You’ll be snuffling and flaring your nostrils like something out of The Witches in an attempt to get much out of this wine: aromatically, it’s very closed down for so zingy a grape variety. And what aromas you do get out of it are typical, a tad uninteresting. Except (alas) for a faint waft of nappy. I’m sorry. Really, I am. But there it is.

Verdict

Increasingly, I’m coming to think that there’s a small problem with Naked Wines’ model: the ‘full price’ figure seems rather inflated. You see, I’d be chagrined if I’d spent £7.50 on this wine. In fact, I had it for a reduced rate (part of a taster case). But because I have £7.50 as an RRP in my head, I’m psychologically primed for a £7.50-quality wine. Even if I’ve actually paid a good generic viagra prices deal less than that (hell, this is a £5 wine if you’re a member — in which light it suddenly seems a heck of a lot less disappointing).

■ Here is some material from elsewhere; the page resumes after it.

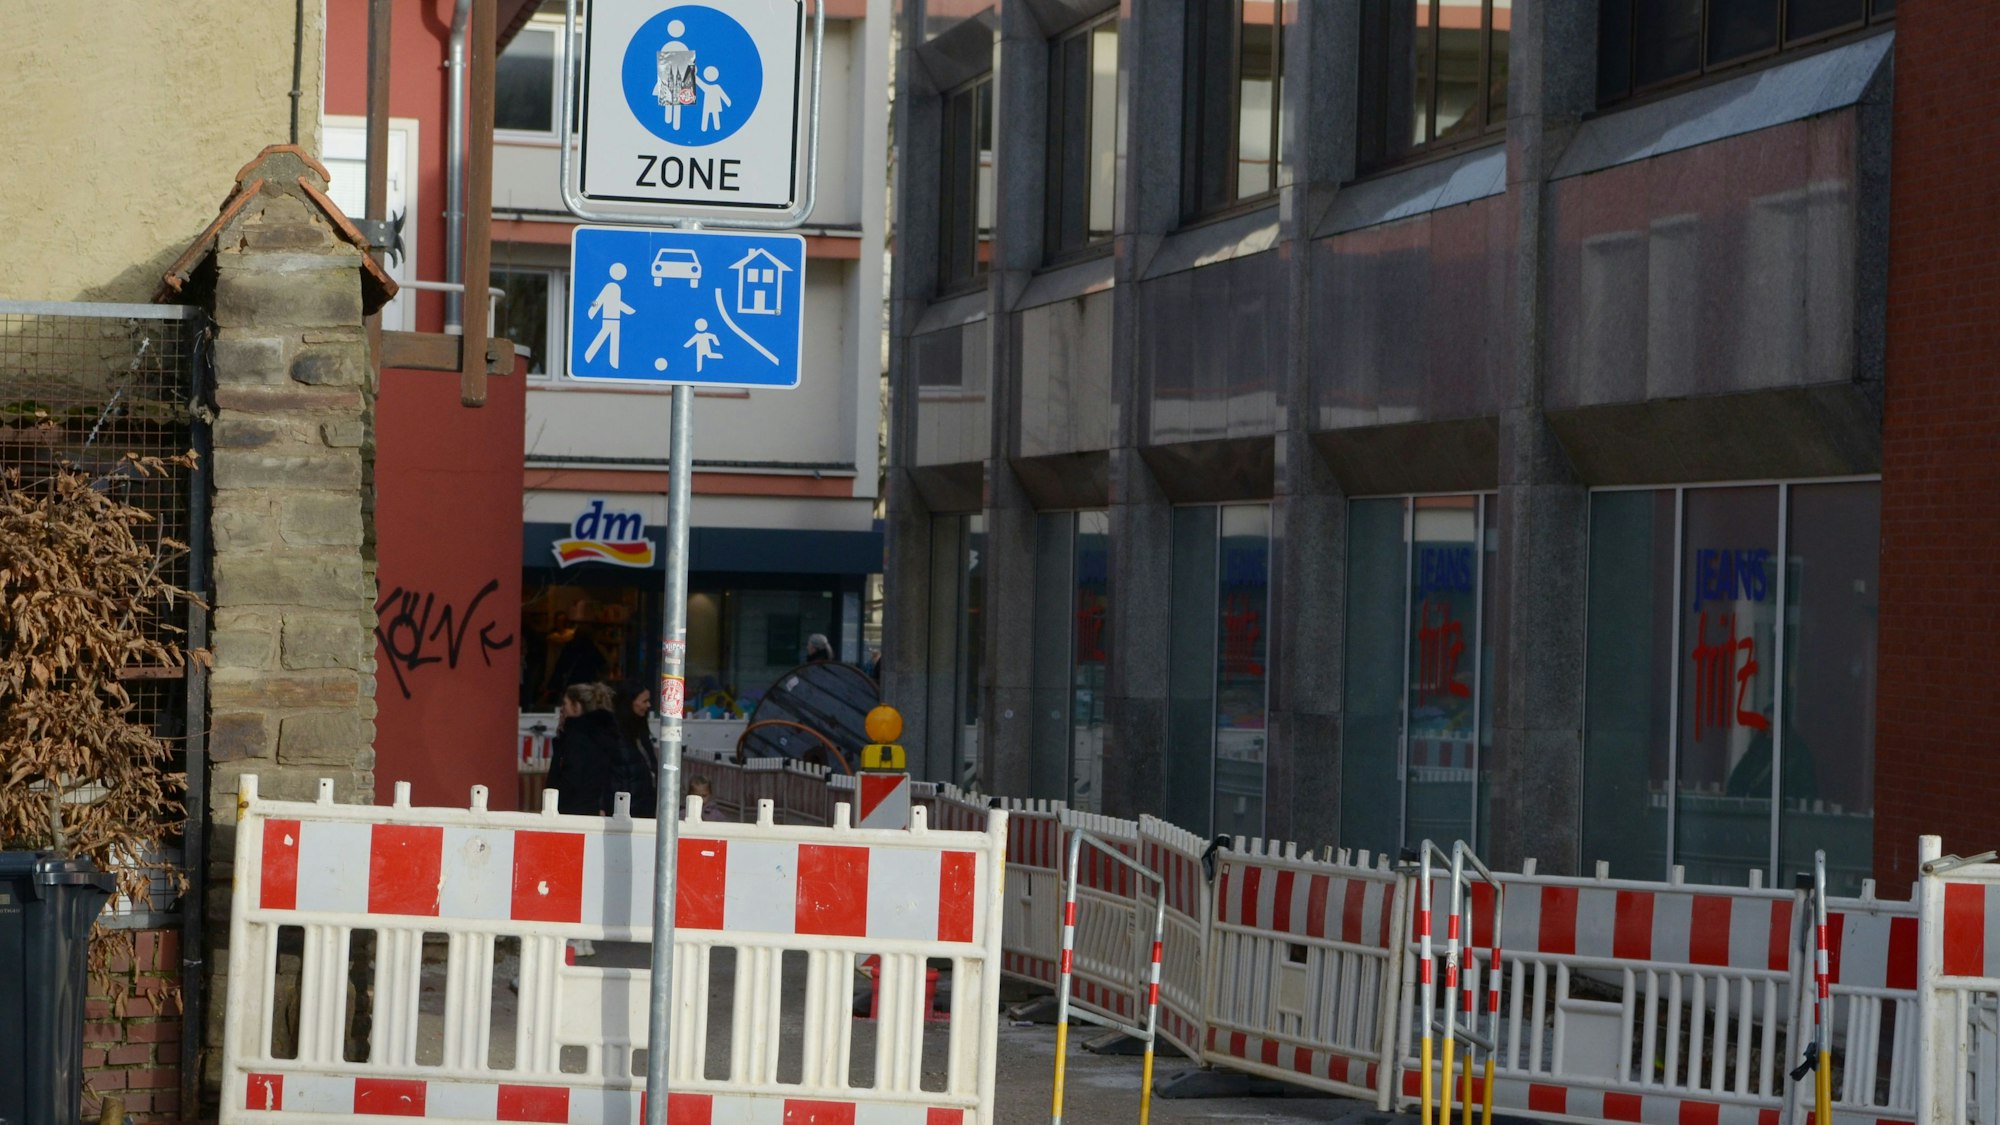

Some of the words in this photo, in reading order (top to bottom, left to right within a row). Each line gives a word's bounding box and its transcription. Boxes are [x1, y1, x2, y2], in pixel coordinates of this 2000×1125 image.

Alas, £7.50 is still the yardstick I’m measuring it up against. And it falls short.

Don’t take this as an attack on those fine Naked fellows. I remain intrigued and impressed by their business model — and I enjoyed the first two bottles of theirs I reviewed (whilst still harbouring the slight impression of over-optimistic ‘full’ prices, I might add). While this specimen is definitely less good than those other two, it’s still by no means terrible; just unexciting, middle-of-the-road.

So I suppose I’m just saying that, psychologically, their pricing model isn’t quite hitting the right note for me.

Then again, I’ll tell you what is hitting the right note: the fact that, a few hours after I’d casually tweeted a message about my disappointment with this wine, one of the Naked guys was contacting me to offer me my money back on it*.

That, in case you are wondering, is fucking uberwhelming.

Rating ? (1 star) — but ????? for customer service
ABV 12.5%
Price £7.50 from Naked Wines (£5 if you’re a member)
* Fo’ yo’ info, I didn’t take him up on his offer. It may’ve been disappointing, but it wasn’t bad.

Corriente Del Bio 2009, Pinot Noir

… is serious, poised and (at time of writing) rather good value

A bottle of Corriente Del Bio Pinot Noir from Marks & Spencer

I thought I’d crack open a bottle of this M&S Pinot Noir. It’s reduced right now, y’see, from £8 to a mere 6 — a bargain to which my attention was drawn by Fiona Beckett’s Credit Crunch Drinking.

Now, if you fervently adore pinot noir in the way that I do, your eyes will already be lit up at the prospect of a bottle for £6. But is it good?

Yeah, it’s pretty good. Serious, proper stuff. It doesn’t have that over-veggy, slightly composty thing that some cheaper new world PNs do. And it’s silky light, laced with becoming aromas of orange zest — though I’d like a little more body, please.

(But then, I’m a scrawny wee runt.)

Thanks to relatively prominent tannins, it also has that somewhat austere cranberry dryness. Best with food, I’d say.

Verdict

Not at all bad, M&S. For £6, this is definitely worth a try. It wouldn’t, though, be my £8 pinot noir of choice. I’d take the Wine Society’s Chilean Pinot Noir any day. And use the spare £1 to BUY SWEETS.

But if the notion of a serious, poised kind of wine for £6 grabs you, haul ass down to M&S soon. It won’t be on offer for much longer.